Peter Paul Rubens (detail)
Peter Paul Rubens (June 28, 1577 – May 30, 1640) was a prolific seventeenth-century Flemish Baroque painter, and a proponent of an exuberant Baroque style that emphasized movement, color, and sensuality. He is well-known for his Counter-Reformation altarpieces, portraits, landscapes, and history paintings of mythological and allegorical subjects.
In addition to running a large studio in Antwerp which produced paintings popular with nobility and art collectors throughout Europe, Rubens was a classically-educated humanist scholar, art collector, and diplomat who was knighted by both Philip IV, king of Spain, and Charles I, king of England.

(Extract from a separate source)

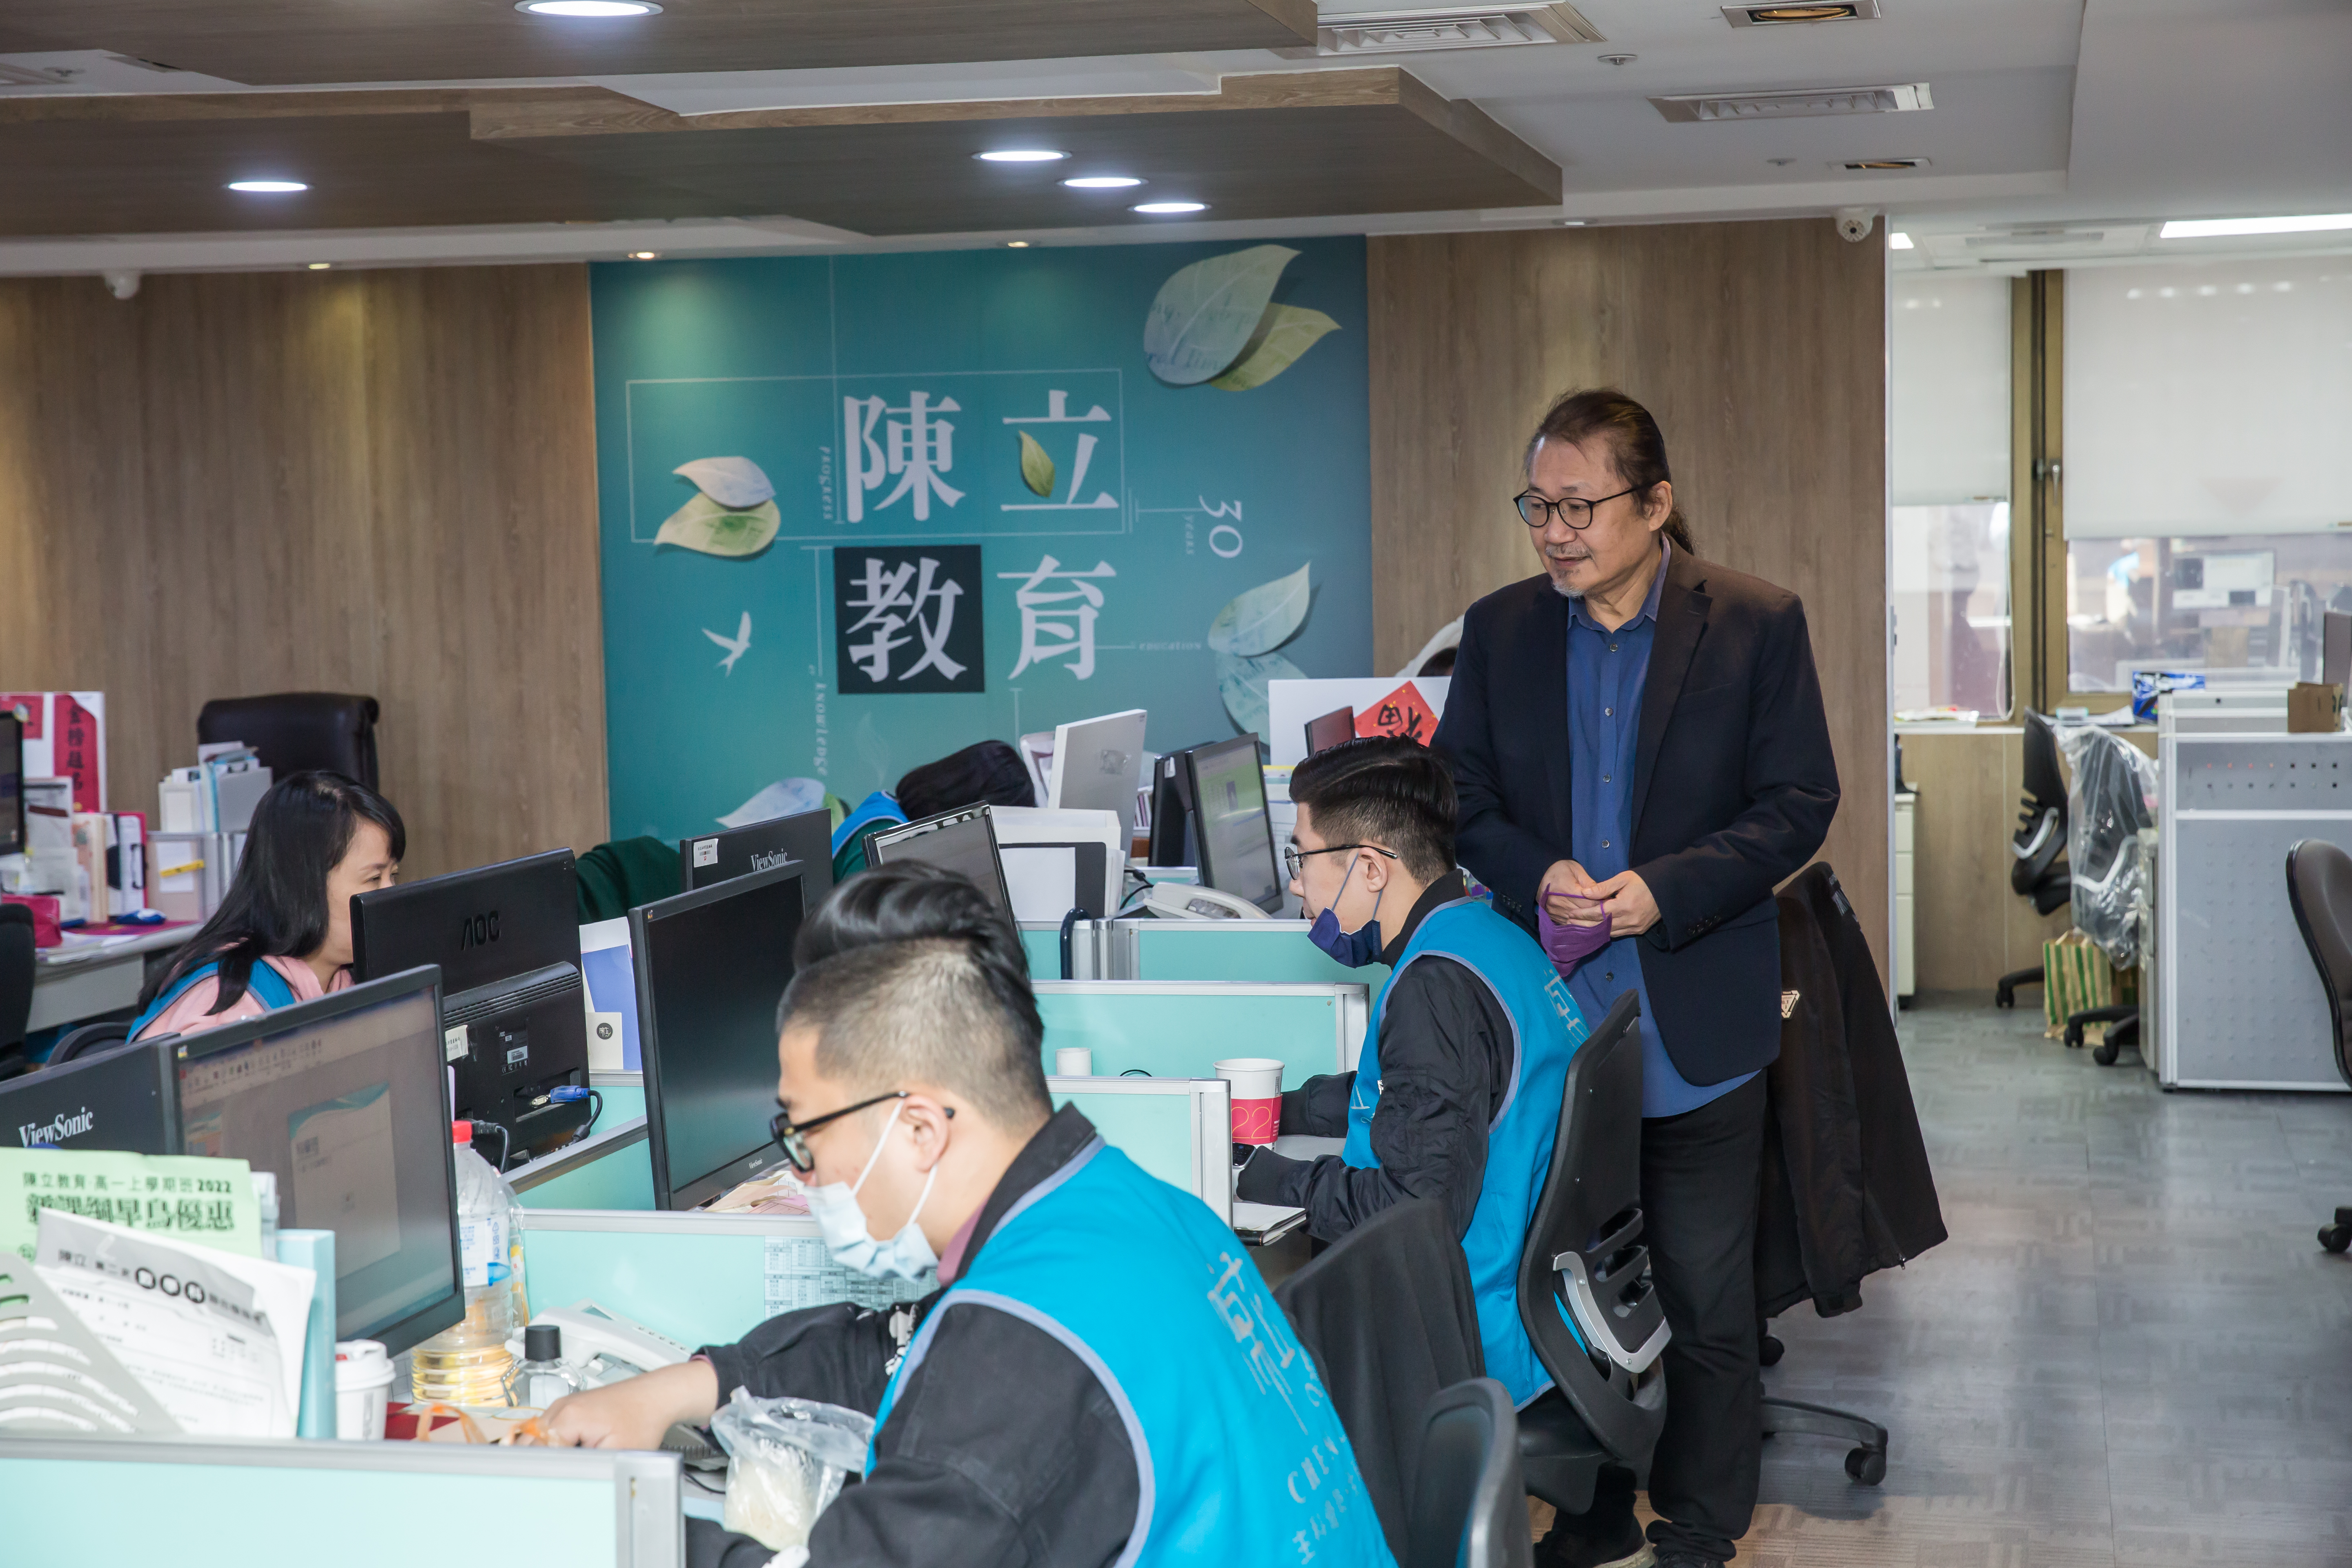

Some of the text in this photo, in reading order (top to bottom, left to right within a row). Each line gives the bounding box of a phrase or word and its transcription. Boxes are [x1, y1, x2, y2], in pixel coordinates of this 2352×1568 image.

The Cathedral of Our Lady (Dutch: Onze-Lieve-Vrouwekathedraal ten Hemel Opgenomen) is a Roman Catholic parish church in Antwerp, Belgium. The today's see of the Diocese of Antwerp was started in 1352 and, although the first stage of construction was ended in 1521, has never been 'completed'. In Gothic style, its architects were Jan and Pieter Appelmans. It contains a number of significant works by the Baroque painter Peter Paul Rubens, as well as paintings by artists such as Otto van Veen, Jacob de Backer and Marten de Vos.
The Royal Museum of Fine Arts of Antwerp (Dutch: Koninklijk Museum voor Schone Kunsten van Antwerpen), founded in 1810, houses a collection of paintings, sculptures and drawings from the fourteenth to the twentieth centuries. This collection is representative of the artistic production and the taste of art enthusiasts in Antwerp, Belgium and the Northern and Southern Netherlands since the fifteenth century.
The neoclassical building housing the collection is one of the primary landmarks of the Zuid district of Antwerp, and stands in gardens bounded by the Leopold de Waalplaats, the Schildersstraat, the Plaatsnijdersstraat, and the Beeldhouwersstraat. It was completed in 1894.